When ‘Mission Unlock’ Goes Bust..Because People Want To Go ‘Shopping’

With over 28,000 active coronavirus cases in the city, Mumbai is well and truly in the grip of the pandemic. And it looks like any attempts to return to normalcy in the country’s financial capital will have to be put off for another fortnight at least. Mumbai’s Commissioner of Police, Pranaya Ashok, imposed Section 144 of the Criminal Procedure Code (CrPC) today, on July 1.

Under Section 144, movement of persons within Mumbai’s containment zones is prohibited (except for essential services), and there is a city-wide prohibition on movement between 9 pm and 5 am. The Commissioner’s declaration also included the condition that Section 144 would be in effect up till July 15, unless otherwise specified.

While the month of June began with high hopes for “Mission Begin Again” and the unlocking phase of Mumbai’s lockdown, the rising cases have scuppered those hopes. Section 144 being imposed in the city is only the formal acknowledgement of the fact that Mumbaikars have not been upholding the norms of social distancing.

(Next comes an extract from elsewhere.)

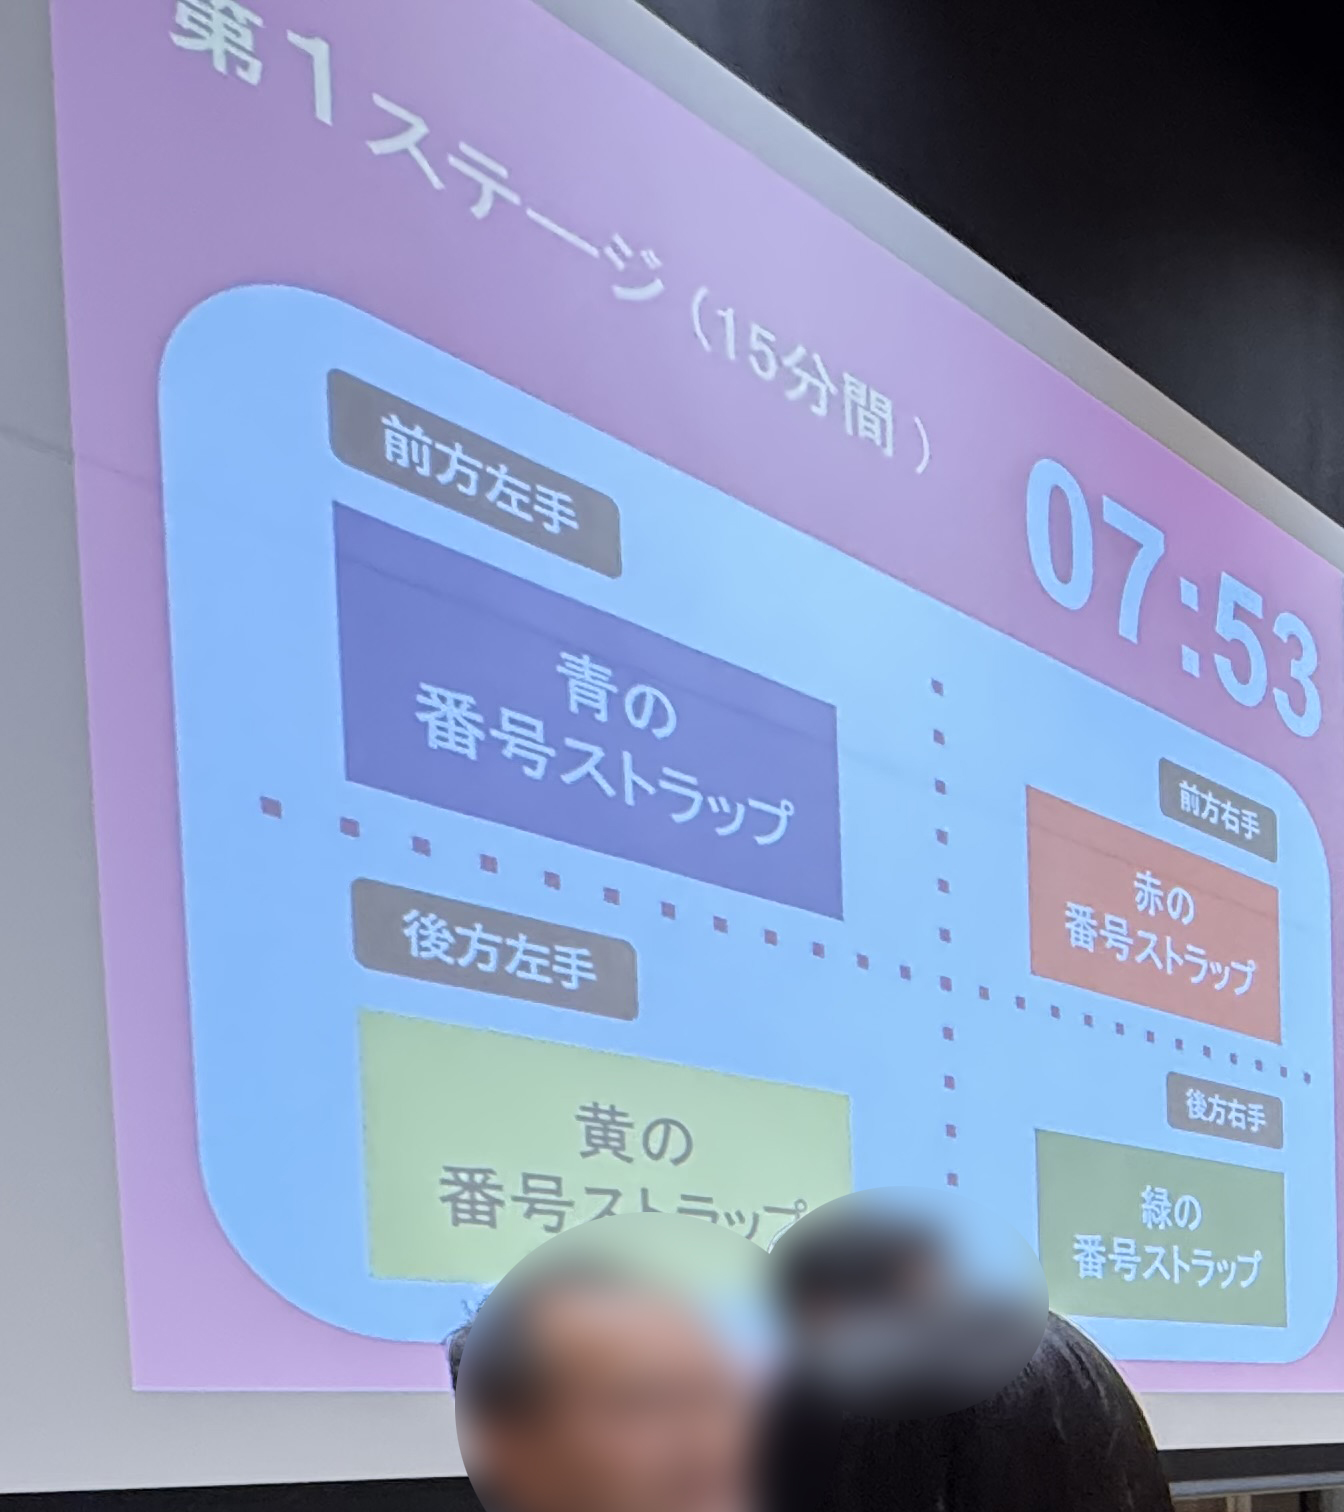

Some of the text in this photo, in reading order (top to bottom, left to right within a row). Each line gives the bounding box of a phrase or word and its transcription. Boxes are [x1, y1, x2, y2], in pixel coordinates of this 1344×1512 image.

While there were commenters on Twitter who expressed surprise or confusion at the imposition of Section 144, the signs were there to be seen all along.

As far back as May, when case numbers were a fraction of what they are today, citizens displayed a readiness to gather in public even though they were in the midst of a pandemic. A photo taken of a Starbucks outlet in Lokhandwala was the first evidence that people were not taking social distancing seriously.

Starbucks was only the beginning. In the first week of June, when state governments were exploring their options for rolling back the lockdown, Mumbai’s good folk descended on the Marine Drive promenade en masse. The police had to patrol the area to ensure crowds did not gather.

Just this weekend, another example of citizens ignoring social distancing was seen at a Zara store in Fort. The long, snaking queue saw people standing in groups, waiting for their turn at catching only a bargain, and hopefully not Covid-19.

Now, after Mumbaikars had their fun, stricter orders have arrived from the authorities, taking the city behind in its plan to unlock. This is why we can’t have nice things.